Our EWC seminar on this Friday, Sep 29, will feature Dr. Catherine Zhang, who is a postdoctoral teaching scholar at BTEC. She will discuss “Energy-Water-Environment Nexus: Synergy between Environmental Engineering and Biomanufacturing.” An abstract and bio are included below. Please join us in Mann 304 from 12:50-1:40pm.

Abstract: This presentation will focus on how to address the energy-water-environmental nexus by linking environmental engineering and the biomanufacturing industry. Advancements in biomanufacturing technologies, such as fermentation and bioprospecting, can be applied to environmental engineering. Meanwhile, environmentally friendly biomanufacturing systems are essential for the sustainable production of bioproducts required for maintaining healthy communities. Examples such as biohydrogen production from biomass and LCA for emerging biomanufacturing systems will be discussed.

Biohydrogen is a promising clean energy carrier, but three key challenges for large-scale biohydrogen production are to increase, 1) the hydrogen production rate, 2) the hydrogen molar yield, and 3) the extent of substrate utilization. A co-culture fermentation system for C. beijerinckii and G. metallireducens with extracellular electron shuttles called anthrahydroquinone-2,6-disulfonate (AH2QDS) was developed and evaluated for improved biohydrogen production, and then applied to ferment complex substrates from hydrolysates of lignocellulosic biomass as well as to utilize alternative extracellular electron shuttles (EES).
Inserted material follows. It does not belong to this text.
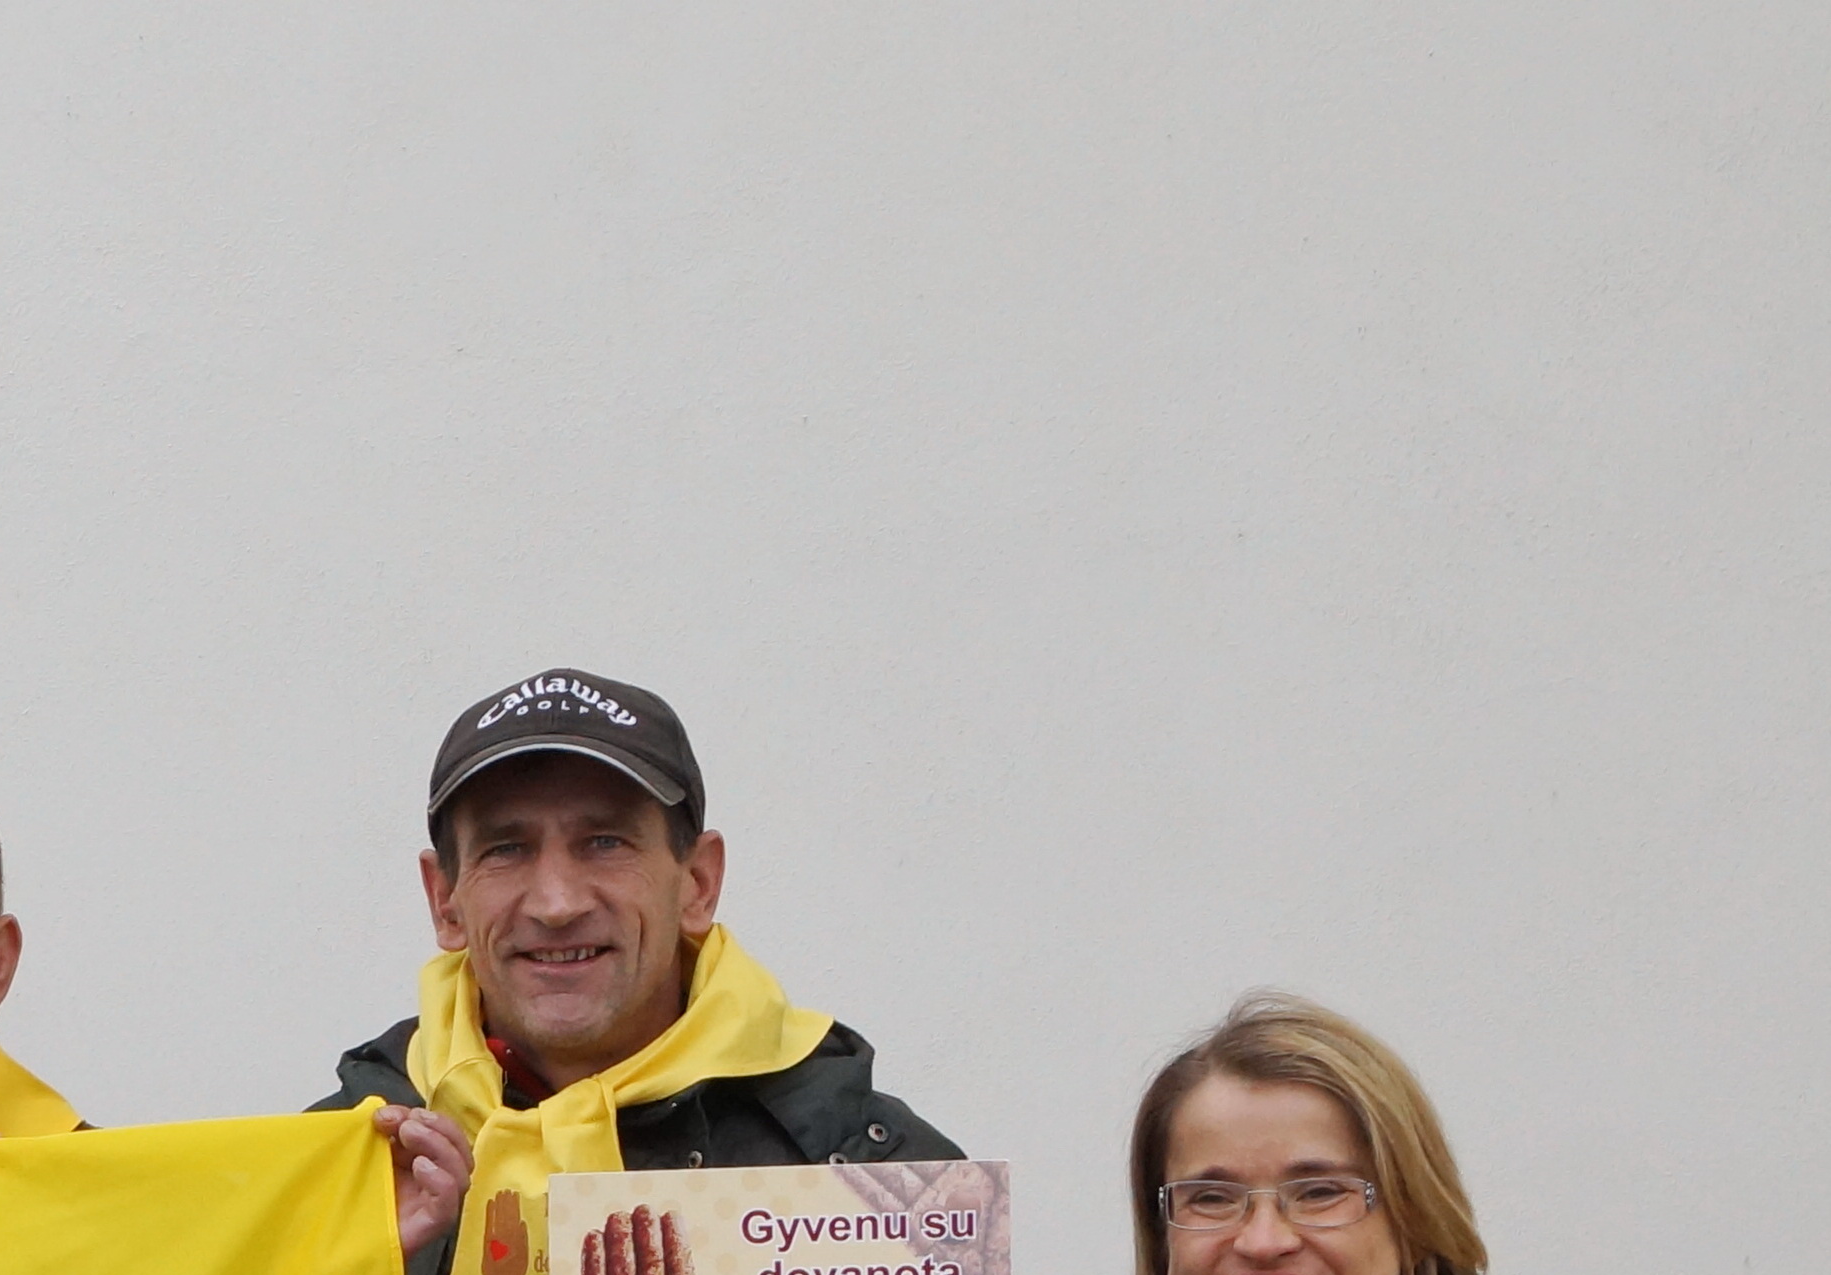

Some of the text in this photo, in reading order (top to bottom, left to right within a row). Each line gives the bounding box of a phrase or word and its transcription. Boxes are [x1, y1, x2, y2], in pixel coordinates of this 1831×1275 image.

[477, 676, 637, 730] Callaway
[516, 699, 589, 716] GOLF
[742, 1211, 973, 1252] Gyvenu su
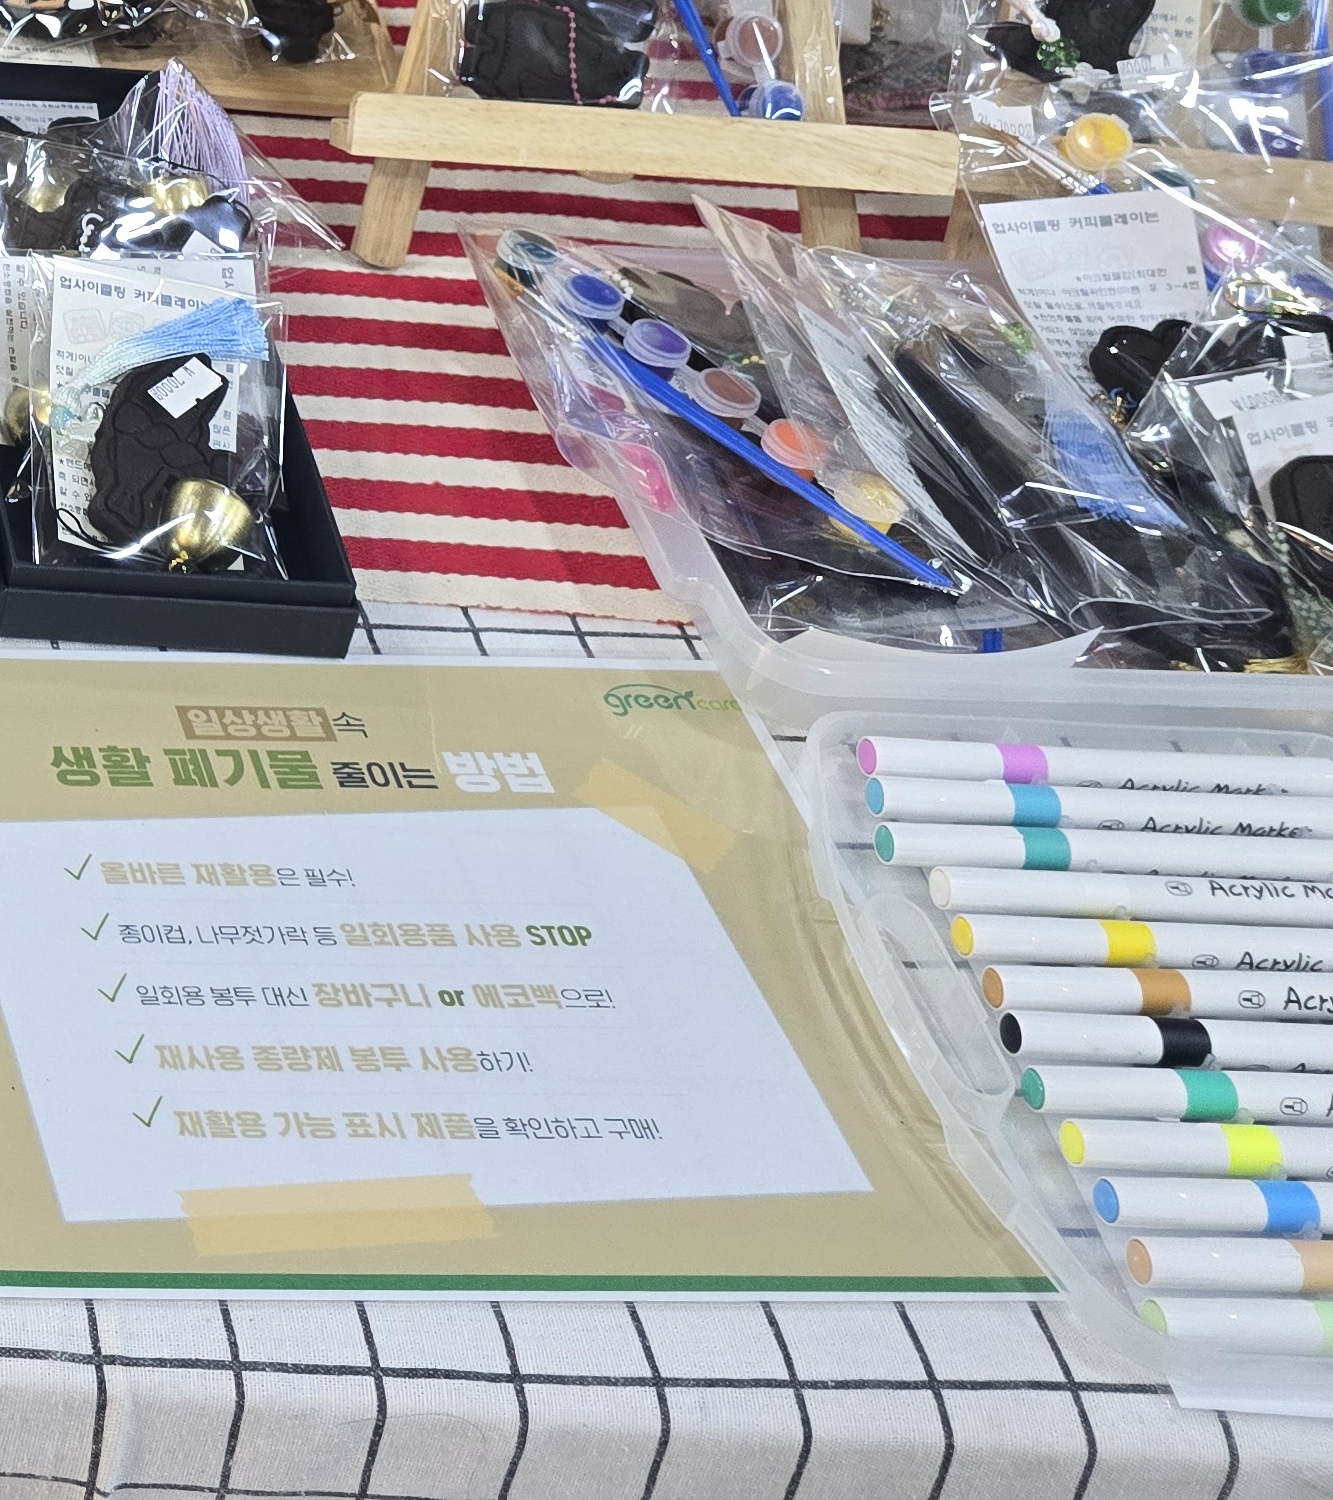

The observed improvements in utilizing lignocellulosic hydrolysates and particularly on utilization of xylose support the feasibility of applying this co-culture system to biohydrogen production from lignocellulosic hydrolysates, especially xylose-rich ones. In addition, the replacement of AH2QDS by alternative EES, especially humic acids, makes the co-culture fermentation more economical and flexible.

In biomanufacturing, there has been a rapid transition from traditional cleanable processes to disposable processes to achieve more flexibility, lower costs, and less risk of contamination. However, the life-cycle assessment (LCA) of these systems are mainly provided by vendors and based on mammalian cell-line facilities within the United States. An educational version of open source LCA tools using Solid Waste Optimization Life-cycle Framework (SWOLF) is being developed and will be incorporated into biomanufacturing courses for biopharmaceutical industry professionals, which will improve the awareness of sustainability in biomanufacturing industry.

Bio: Xinyu “Catherine” Zhang received her PhD degree in Environmental Engineering from the University of Illinois at Urbana-Champaign. She is currently a Postdoctoral Teaching Scholar at Biomanufacturing Training & Educational Center (BTEC) at North Carolina State University. Her research focus is on biofuel/biochemical production via fermentation technologies, sustainability in biomanufacturing industry, and new techniques for engineering education.